Wernicke’s encephalopathy is a serious neurological condition that results primarily from a deficiency of the nutrient thiamine which is also known as Vitamin B1. This condition is an inflammatory, hemorrhagic, degenerative condition of the brain. It is characterized by lesions in several parts of the brain, including the hypothalamus, mammillary bodies, and tissues surrounding the ventricles and aqueducts, double vision, ophthalmoplegia, involuntary and rapid movements of the eyes, lack of muscular coordination, and decreased mental function, which may be mild or severe. The disease is comprised of three main symptoms: mental confusion, lack of muscle coordination, and a paralysis of the muscles which control eye movements.
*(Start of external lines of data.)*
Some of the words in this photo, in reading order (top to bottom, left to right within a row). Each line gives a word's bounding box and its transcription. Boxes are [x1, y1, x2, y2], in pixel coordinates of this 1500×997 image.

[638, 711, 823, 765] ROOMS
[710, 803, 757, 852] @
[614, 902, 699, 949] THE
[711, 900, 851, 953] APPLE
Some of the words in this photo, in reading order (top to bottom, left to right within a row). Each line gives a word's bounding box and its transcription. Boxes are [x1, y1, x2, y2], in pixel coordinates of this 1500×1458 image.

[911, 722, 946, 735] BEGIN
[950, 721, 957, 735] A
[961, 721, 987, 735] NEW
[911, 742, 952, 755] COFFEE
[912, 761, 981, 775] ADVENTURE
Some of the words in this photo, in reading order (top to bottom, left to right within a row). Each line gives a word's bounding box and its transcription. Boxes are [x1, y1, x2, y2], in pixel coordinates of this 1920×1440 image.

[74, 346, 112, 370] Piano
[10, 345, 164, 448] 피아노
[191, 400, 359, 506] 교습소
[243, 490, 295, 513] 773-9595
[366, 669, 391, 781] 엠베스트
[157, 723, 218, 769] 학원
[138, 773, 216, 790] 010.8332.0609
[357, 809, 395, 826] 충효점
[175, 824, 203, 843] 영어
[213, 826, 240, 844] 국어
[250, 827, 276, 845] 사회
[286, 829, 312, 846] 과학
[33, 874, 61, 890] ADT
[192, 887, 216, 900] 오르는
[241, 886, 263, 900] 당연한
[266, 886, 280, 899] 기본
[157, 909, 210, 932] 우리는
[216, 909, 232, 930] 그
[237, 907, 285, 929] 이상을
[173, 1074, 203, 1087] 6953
  • The male-to-female ratio is 1.7:1, likely owing to alcoholism being 3-4 times more frequent in men than in women.
  • Wernicke encephalopathy have placed the incidence between 0.8% and 2.8% of the general population
  • The incidence can be as high as 12.5% in a population of alcoholics
  • This disease is caused by a lack of thiamin (vitamin B1), which leads to problems with the normal functioning of the brain.
  • Thiamine deficiency is characteristically associated with chronic alcoholism, because it affects thiamine uptake and utilization. Most cases of Wernicke’s encephalopathy are rooted in chronic alcohol abuse.  Alcohol can, over time, severely impair the body’s ability to absorb thiamine, gradually leading to a deficiency of this nutrient. When someone who is known to abuse alcohol has symptoms such as confusion and gait ataxia, meaning lack of coordination in walking, Wernicke’s encephalopathy should be considered as a possible cause.
  • Wernicke encephalopathy may develop in nonalcoholic conditions such as:
    1. prolonged starvation
    2. hyperemesis gravidarum (continuous nausea and vomiting during pregnancy)
    3. bariatric surgery and other gastric bypass surgeries
    4. HIV-AIDS
    5. healthy infants given the wrong formulas
    6. malnutrition
    7. complication of GI tract disease
    8. Cancers that have spread throughout the body
    9. Heart failure (when treated with long-term diuretic therapy)
    10. Long periods of intravenous (IV) therapy without receiving thiamine supplements
    11. Long-term dialysis
    12. Very high thyroid hormone levels (thyrotoxicosis)
    13. Chronic renal failure
    14. Carbohydrate loading in the presence of marginal thiamine stores (feeding after starvation)
    15. Absence of thiamine from the diet (in the case of infants fed formula without the addition of thiamine)
    16. Congenital transketolase function abnormalities

Signs and Symptoms


The 3 components of the classic triad of Wernicke encephalopathy are encephalopathy, ataxic gait, and some variant of oculomotor dysfunction.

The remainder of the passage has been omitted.